> **WHAT THE TASK REQUIRES**
Would you transcribe each entry exactly as it stands, omitting the pictures?

> **DATA**
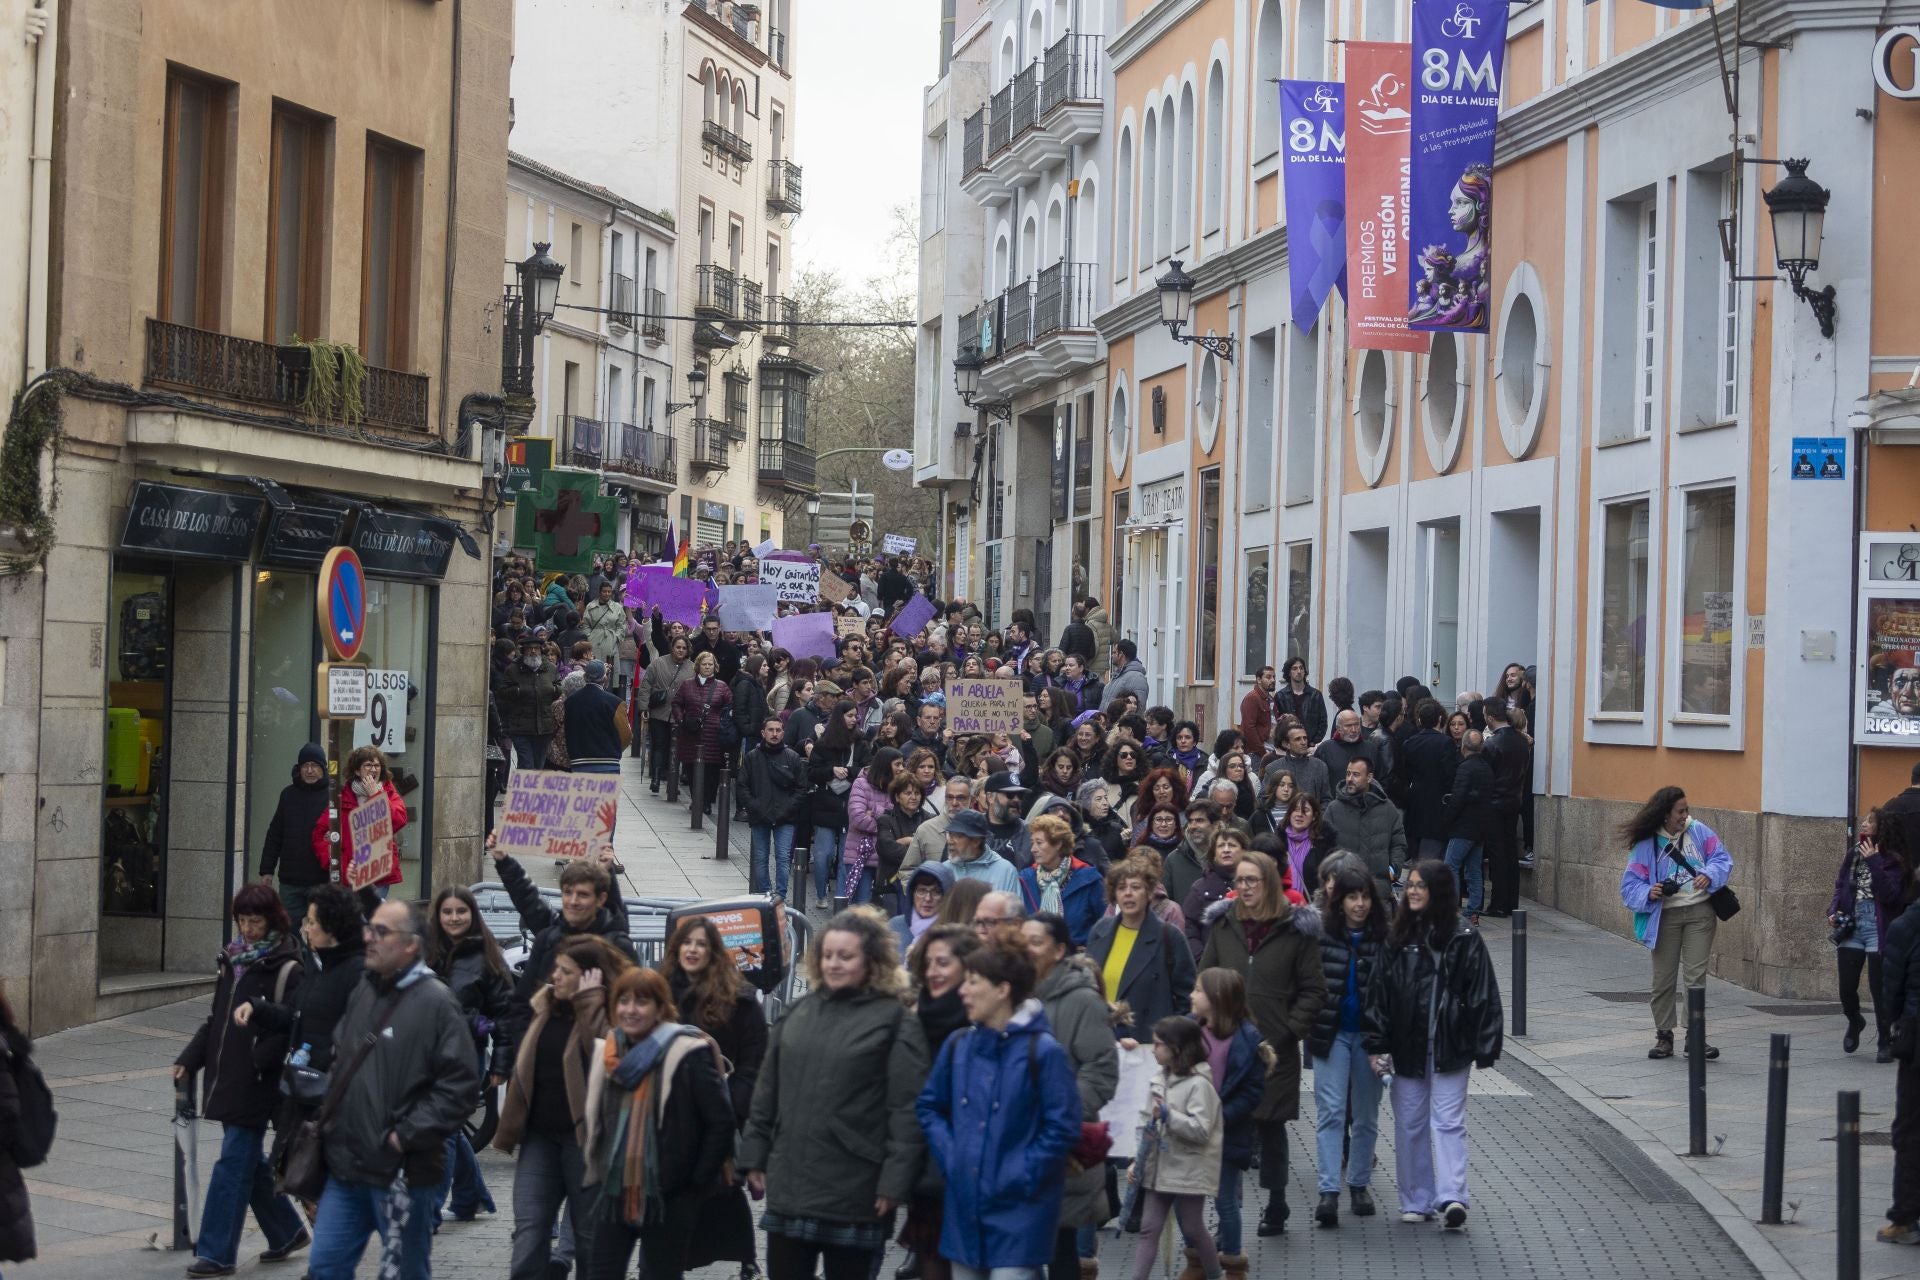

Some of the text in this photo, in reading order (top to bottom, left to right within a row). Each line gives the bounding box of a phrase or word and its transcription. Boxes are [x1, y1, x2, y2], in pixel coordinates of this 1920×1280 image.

[1421, 48, 1497, 93] 8M
[1421, 95, 1439, 104] DIA
[1441, 96, 1453, 105] DE
[1455, 97, 1468, 105] LA
[1289, 117, 1345, 153] 8M
[1429, 128, 1458, 140] Teatro
[1460, 118, 1489, 133] Aplaude
[1430, 143, 1442, 152] las
[1443, 128, 1496, 148] Protagonistas
[1290, 155, 1304, 163] DIA
[1308, 155, 1320, 163] DE
[1377, 195, 1397, 276] VERSIÓN
[1361, 220, 1377, 299] PREMIOS
[1163, 485, 1184, 512] TEATR
[140, 506, 250, 537] CASA DE LOS BOLSOS
[360, 530, 383, 550] CASA
[383, 533, 400, 552] DE
[397, 535, 417, 553] LOS
[763, 561, 783, 579] HOY
[789, 581, 805, 591] QUE
[367, 672, 406, 690] OLSOS
[968, 683, 1005, 699] ABUELA
[370, 693, 388, 748] 9
[953, 716, 980, 731] PARA
[973, 709, 987, 718] QUE
[585, 779, 597, 792] TU
[353, 799, 388, 831] QUIERO
[572, 795, 600, 815] QUE
[585, 815, 598, 830] TE

> **EXERCISE ANSWER**
Some of the text in this photo, in reading order (top to bottom, left to right within a row). Each line gives the bounding box of a phrase or word and its transcription. Boxes are [x1, y1, x2, y2], in pixel coordinates of this 1920×1280 image.

[1421, 48, 1497, 93] 8M
[1421, 95, 1439, 104] DIA
[1441, 96, 1453, 105] DE
[1455, 97, 1468, 105] LA
[1289, 117, 1345, 153] 8M
[1429, 128, 1458, 140] Teatro
[1460, 118, 1489, 133] Aplaude
[1430, 143, 1442, 152] las
[1443, 128, 1496, 148] Protagonistas
[1290, 155, 1304, 163] DIA
[1308, 155, 1320, 163] DE
[1377, 195, 1397, 276] VERSIÓN
[1361, 220, 1377, 299] PREMIOS
[1163, 485, 1184, 512] TEATR
[140, 506, 250, 537] CASA DE LOS BOLSOS
[360, 530, 383, 550] CASA
[383, 533, 400, 552] DE
[397, 535, 417, 553] LOS
[763, 561, 783, 579] HOY
[789, 581, 805, 591] QUE
[367, 672, 406, 690] OLSOS
[968, 683, 1005, 699] ABUELA
[370, 693, 388, 748] 9
[953, 716, 980, 731] PARA
[973, 709, 987, 718] QUE
[585, 779, 597, 792] TU
[353, 799, 388, 831] QUIERO
[572, 795, 600, 815] QUE
[585, 815, 598, 830] TE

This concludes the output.